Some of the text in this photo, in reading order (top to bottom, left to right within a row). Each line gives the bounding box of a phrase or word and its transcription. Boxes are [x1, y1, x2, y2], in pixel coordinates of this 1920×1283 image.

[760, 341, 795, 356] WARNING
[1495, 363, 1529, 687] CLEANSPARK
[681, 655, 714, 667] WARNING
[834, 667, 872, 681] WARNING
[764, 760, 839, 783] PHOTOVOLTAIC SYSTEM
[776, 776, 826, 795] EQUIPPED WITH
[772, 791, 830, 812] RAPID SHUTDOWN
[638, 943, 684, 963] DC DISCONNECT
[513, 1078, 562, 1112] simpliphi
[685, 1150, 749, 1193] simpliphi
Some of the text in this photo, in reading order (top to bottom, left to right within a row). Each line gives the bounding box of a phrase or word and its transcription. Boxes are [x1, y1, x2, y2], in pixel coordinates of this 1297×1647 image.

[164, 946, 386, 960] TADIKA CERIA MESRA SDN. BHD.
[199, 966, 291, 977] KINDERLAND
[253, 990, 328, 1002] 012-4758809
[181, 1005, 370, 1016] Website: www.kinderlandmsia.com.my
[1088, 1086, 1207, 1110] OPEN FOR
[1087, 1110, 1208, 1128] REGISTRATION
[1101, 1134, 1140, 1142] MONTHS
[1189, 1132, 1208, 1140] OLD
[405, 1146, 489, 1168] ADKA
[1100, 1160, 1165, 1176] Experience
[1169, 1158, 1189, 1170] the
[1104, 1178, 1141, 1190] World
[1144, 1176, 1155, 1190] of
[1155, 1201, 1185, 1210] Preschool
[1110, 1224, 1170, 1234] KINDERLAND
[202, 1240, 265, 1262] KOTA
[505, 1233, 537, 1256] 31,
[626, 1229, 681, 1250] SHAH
====
**Exercise details**
Your task is to reproduce all the data exactly as shown.

**Reply to the exercise**
Some of the text in this photo, in reading order (top to bottom, left to right within a row). Each line gives the bounding box of a phrase or word and its transcription. Boxes are [x1, y1, x2, y2], in pixel coordinates of this 1920×1283 image.

[760, 341, 795, 356] WARNING
[1495, 363, 1529, 687] CLEANSPARK
[681, 655, 714, 667] WARNING
[834, 667, 872, 681] WARNING
[764, 760, 839, 783] PHOTOVOLTAIC SYSTEM
[776, 776, 826, 795] EQUIPPED WITH
[772, 791, 830, 812] RAPID SHUTDOWN
[638, 943, 684, 963] DC DISCONNECT
[513, 1078, 562, 1112] simpliphi
[685, 1150, 749, 1193] simpliphi
Some of the text in this photo, in reading order (top to bottom, left to right within a row). Each line gives the bounding box of a phrase or word and its transcription. Boxes are [x1, y1, x2, y2], in pixel coordinates of this 1297×1647 image.

[164, 946, 386, 960] TADIKA CERIA MESRA SDN. BHD.
[199, 966, 291, 977] KINDERLAND
[253, 990, 328, 1002] 012-4758809
[181, 1005, 370, 1016] Website: www.kinderlandmsia.com.my
[1088, 1086, 1207, 1110] OPEN FOR
[1087, 1110, 1208, 1128] REGISTRATION
[1101, 1134, 1140, 1142] MONTHS
[1189, 1132, 1208, 1140] OLD
[405, 1146, 489, 1168] ADKA
[1100, 1160, 1165, 1176] Experience
[1169, 1158, 1189, 1170] the
[1104, 1178, 1141, 1190] World
[1144, 1176, 1155, 1190] of
[1155, 1201, 1185, 1210] Preschool
[1110, 1224, 1170, 1234] KINDERLAND
[202, 1240, 265, 1262] KOTA
[505, 1233, 537, 1256] 31,
[626, 1229, 681, 1250] SHAH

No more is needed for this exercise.